"Anaknya nggak full ASI ya, Bund? Kenapa? Padahal bla bla bla.. bla bla bla.." setiap mendengar atau membaca dialog ibarat itu, seketika saya merasa menjadi Ibu yang paling buruk. Yang terlintas di benak saya adalah; betapa sempurnanya ibu A yang berhasil memberi bayinya full ASI, atau ibu B yang dengan rajinnya menyiapkan segala macam kebutuhan untuk MPASI anaknya.
Kalau kata Mbak Noni di postingan "Belajar Menjadi Tidak Sempurna" itu merupakan salah satu bentuk Idealisme ibu-ibu muda masa kini, padahal tanpa mereka tahu idealisme yang kadang berlebihan itu dapat menyinggung perasaan ibu lain yang mempunyai cara berbeda dalam merawat bayinya. Sebenarnya gampang saja, supaya nggak tersinggungg, mending jangan ikut nimbrung sama dialog serupa, tapi ya, namanya ibu, meskipun belum dapat jadi yang "sempurna" tetap saja membutuhkan banyak gosip penting mengenai bayi, jadilah saya masuk dalam percakapan-percakapan yang kadang menyayat hati tersebut. Baperan, yak.

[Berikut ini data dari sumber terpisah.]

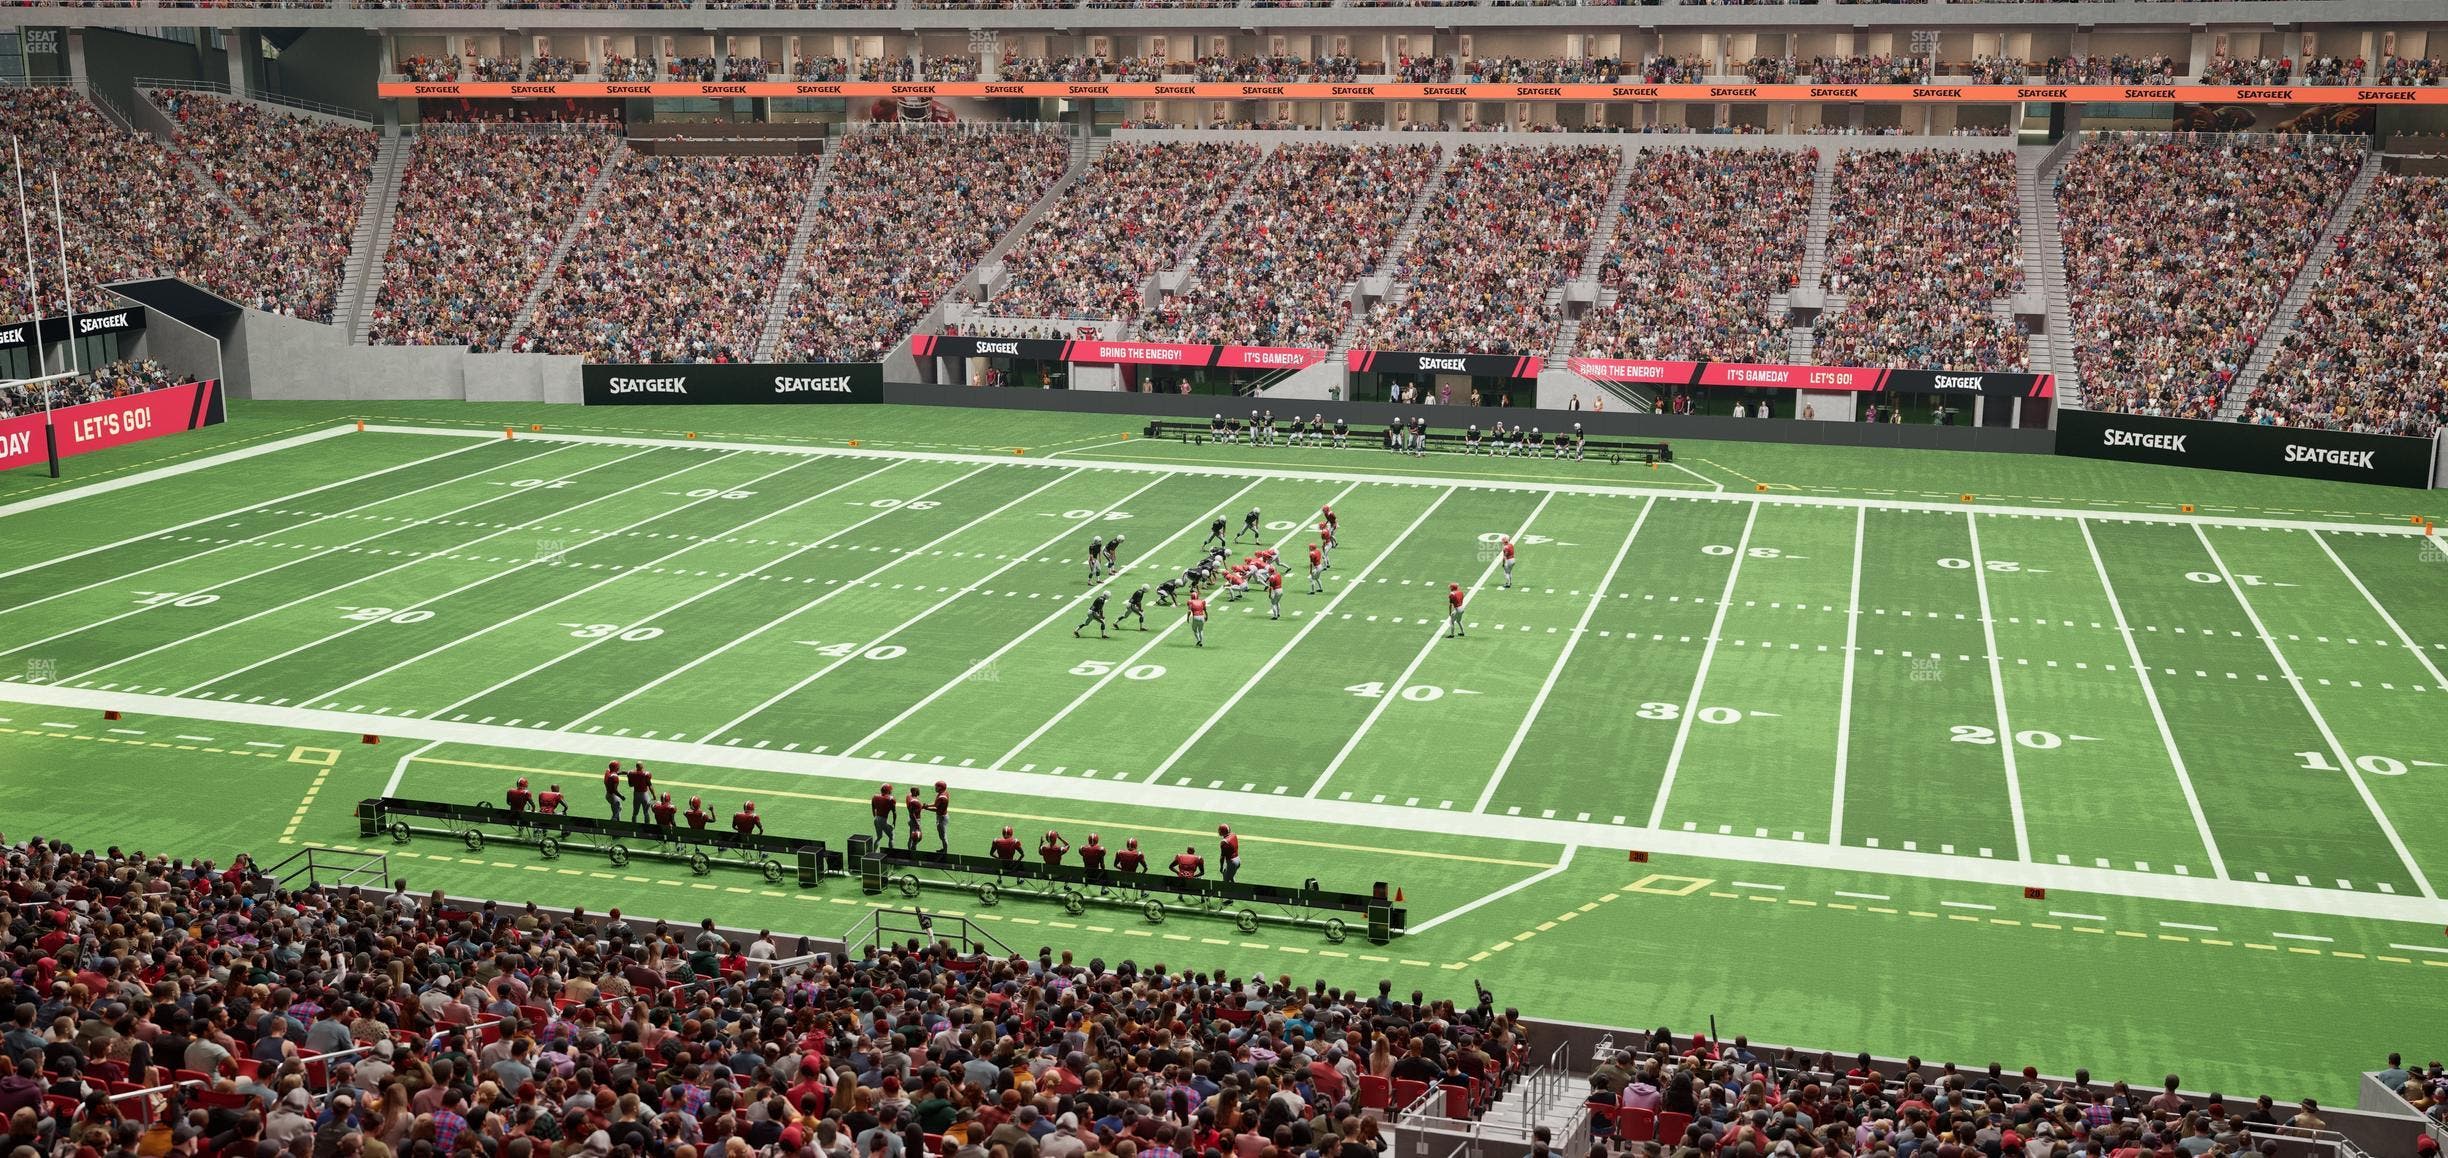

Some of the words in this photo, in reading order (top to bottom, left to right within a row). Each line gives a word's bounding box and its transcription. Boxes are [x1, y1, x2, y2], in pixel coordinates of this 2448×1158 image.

[414, 85, 460, 93] SEATGEEK
[510, 85, 556, 93] SEATGEEK
[606, 85, 651, 93] SEATGEEK
[701, 85, 746, 93] SEATGEEK
[796, 85, 841, 93] SEATGEEK
[891, 85, 936, 93] SEATGEEK
[984, 85, 1025, 93] SEATGEEK
[1068, 85, 1109, 94] SEATGEEK
[1154, 85, 1196, 94] SEATGEEK
[1242, 86, 1284, 95] SEATGEEK
[1331, 86, 1375, 95] SEATGEEK
[1423, 86, 1467, 96] SEATGEEK
[1516, 87, 1562, 96] SEATGEEK
[1612, 87, 1658, 96] SEATGEEK
[1710, 87, 1757, 97] SEATGEEK
[1810, 88, 1858, 97] SEATGEEK
[1912, 88, 1962, 98] SEATGEEK
[2017, 88, 2068, 98] SEATGEEK
[2124, 89, 2176, 99] SEATGEEK
[2236, 89, 2293, 100] SEATGEEK
[2357, 90, 2417, 101] SEATGEEK
[80, 312, 129, 333] SEATGEEK
[976, 341, 1019, 355] SEATGEEK
[1100, 347, 1126, 358] BRING
[1128, 348, 1144, 359] THE
[1146, 349, 1182, 360] ENERGY!
[1244, 352, 1261, 363] IT'S
[1263, 353, 1304, 364] GAMEDAY
[1419, 356, 1466, 372] SEATGEEK
[1609, 365, 1625, 377] THE
[1627, 366, 1664, 378] ENERGY!
[1727, 369, 1744, 381] IT'S
[1746, 370, 1789, 383] GAMEDAY
[774, 376, 852, 393] SEATGEEK
[1810, 372, 1835, 384] LET'S
[1837, 373, 1853, 385] GO!
[1934, 375, 1983, 391] SEATGEEK
[609, 377, 687, 394] SEATGEEK
[74, 416, 119, 442] LET'S
[123, 406, 151, 432] GO!
[2103, 428, 2187, 453] SEATGEEK
[2284, 444, 2375, 470] SEATGEEK
[1701, 545, 1782, 559] 30
[1936, 558, 2021, 573] 20
[131, 592, 221, 607] 10
[338, 607, 436, 624] 20
[570, 623, 665, 641] 30
[811, 642, 908, 660] 40
[1068, 660, 1167, 681] 50
[1343, 682, 1445, 702] 40
[1635, 702, 1743, 724] 30
[1949, 725, 2063, 749] 20
[2294, 751, 2409, 776] 10

Keputusan yang saya ambil satu tahun kemudian yakni memberi komplemen sufor bagi anak saya. Sebagai working mom, menurut saya pilihan itu lebih efisien, stamina badan saya dapat lebih terjaga alasannya waktu yang seharusnya buat pumping, dapat saya manfaatkan untuk istirahat, mengingat jikalau malam sudah harus siap siaga setiap mendengar teriakan bayi mungil yang masih belum dapat ganti popok sendiri. Terdengar egois dan kurang perduli, memang. Tapi mencukupi waktu istirahat yang berkurang juga merupakan salah satu cara untuk mengurangi stres yang ujung-ujungnya kurang baik juga jikalau kita NgASI dalam keadaan stres.
"Eman loh ASI-nya, keuntungannya kan banyak dan elok buat bayi.""Saya masih NgASI kok, kan sufor cuma buat pendukung saja""Sufor kan nggak baik buat bayi, Bund""Sufor juga dibentuk melalui proses filterisasi sesuai standart yang berlaku, kan, gila saja produsennya jikalau berani produksi sufor yang bikin ancaman anak".

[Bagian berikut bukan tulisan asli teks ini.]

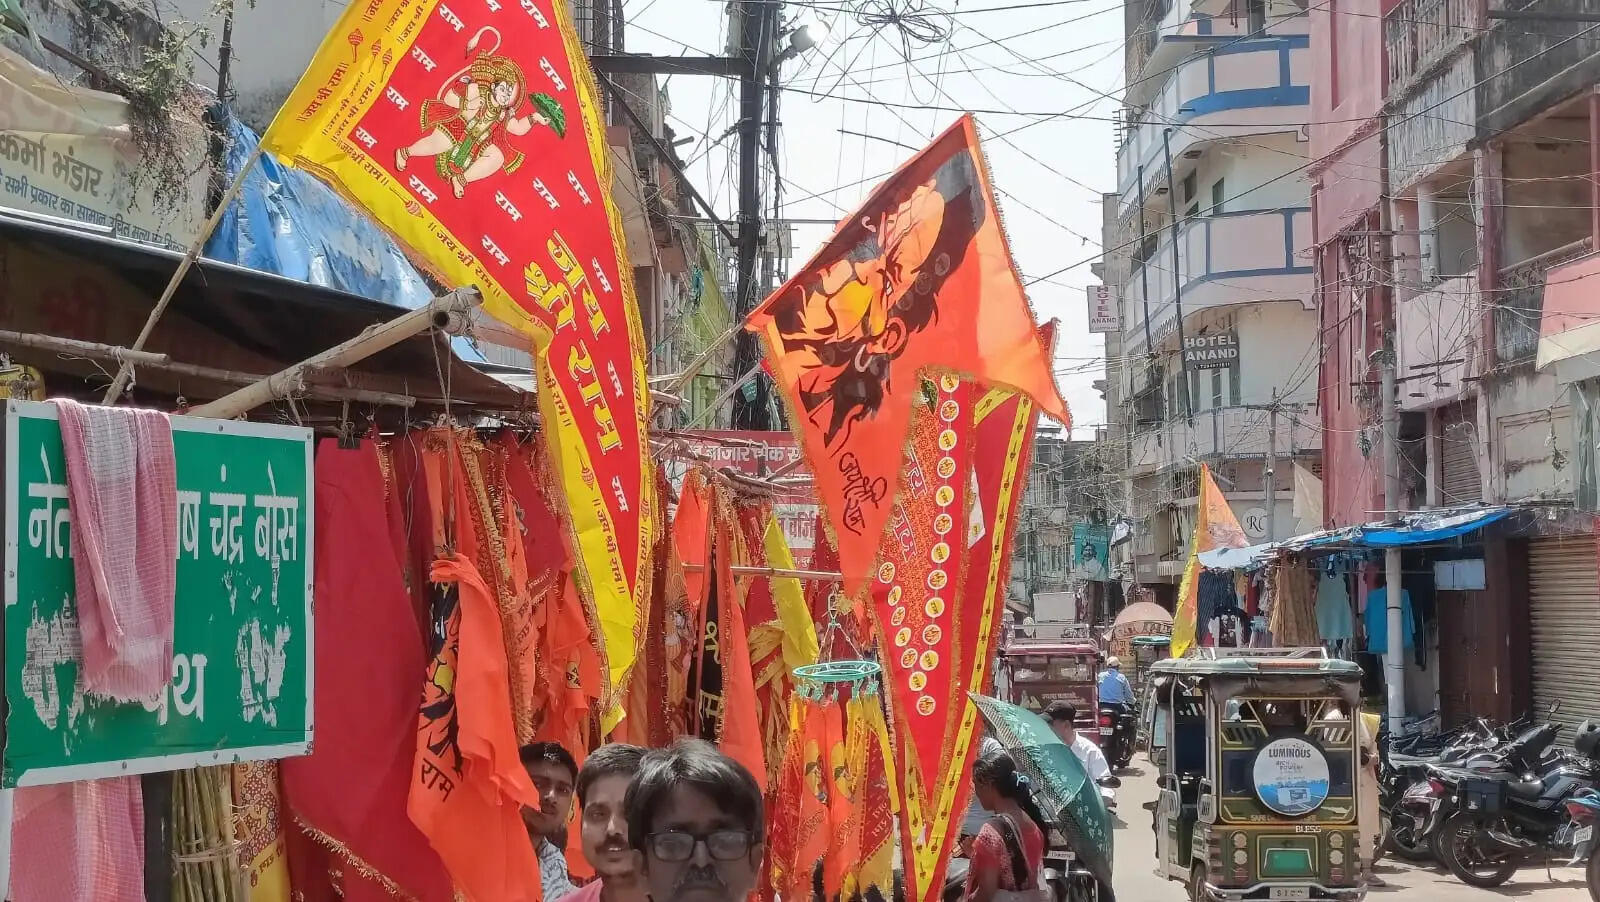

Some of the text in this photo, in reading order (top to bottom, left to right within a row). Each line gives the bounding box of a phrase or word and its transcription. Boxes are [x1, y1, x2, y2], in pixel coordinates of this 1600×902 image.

[438, 4, 465, 33] राम
[412, 44, 438, 73] राम
[539, 56, 567, 92] राम
[386, 86, 410, 112] राम
[355, 126, 378, 149] राम
[52, 145, 103, 197] भंडार
[567, 169, 592, 205] राम
[5, 174, 28, 198] सभी
[30, 185, 60, 212] प्रकार
[60, 197, 75, 217] का
[409, 174, 439, 205] राम
[495, 189, 523, 223] राम
[532, 176, 561, 211] राम
[482, 234, 511, 267] राम
[592, 257, 613, 293] राम
[523, 229, 623, 456] जय श्री राम
[1184, 335, 1237, 350] HOTEL
[1185, 348, 1238, 361] ANAND
[606, 359, 624, 399] राम
[611, 475, 630, 513] राम
[209, 463, 247, 565] चंद्र
[254, 459, 299, 562] बोस
[1268, 748, 1311, 759] LUMINOUS
[422, 757, 455, 803] राम

Kadang saya menenangkan diri saya dengan alasan-alasan tersebut di atas setiap saya down mendengar atau membaca pertanyaan-pertanyaan innocent dari ibu muda masa sekarang kebanyakan. Padahal perkataan mereka memang ada benarnya. Hiks.
ASI yakni yang terbaik untuk anak, tapi saya percaya, dengan banyak sekali macam pertimbangan, semua mempunyai plus-minusnya sendiri-sendiri, dan nggak seharusnya hal itu dijadikan materi yang kadang dapat "menyudutkan" ibu-ibu lain saat menerapkan cara yang berbeda dari idealisme para ibu muda masa kini. Oke, saya memang nggak dapat jadi ibu yang tepat alasannya nggak dapat full ASI, nggak apa-apa saya belum jadi ibu sempurna alasannya saya nggak dapat bikinin MPASI homemade secara rutin ibarat kalian, tapi, sejauh ini alhamdulillah anak saya tumbuh dengan sehatnya, dengan cerianya, dan tanpa banyak drama pada umumnya saat anak sedang melalui proses untuk menemukan kepintarannya (read; mau tengkurap, gigi tumbuh, dapat jalan, etc).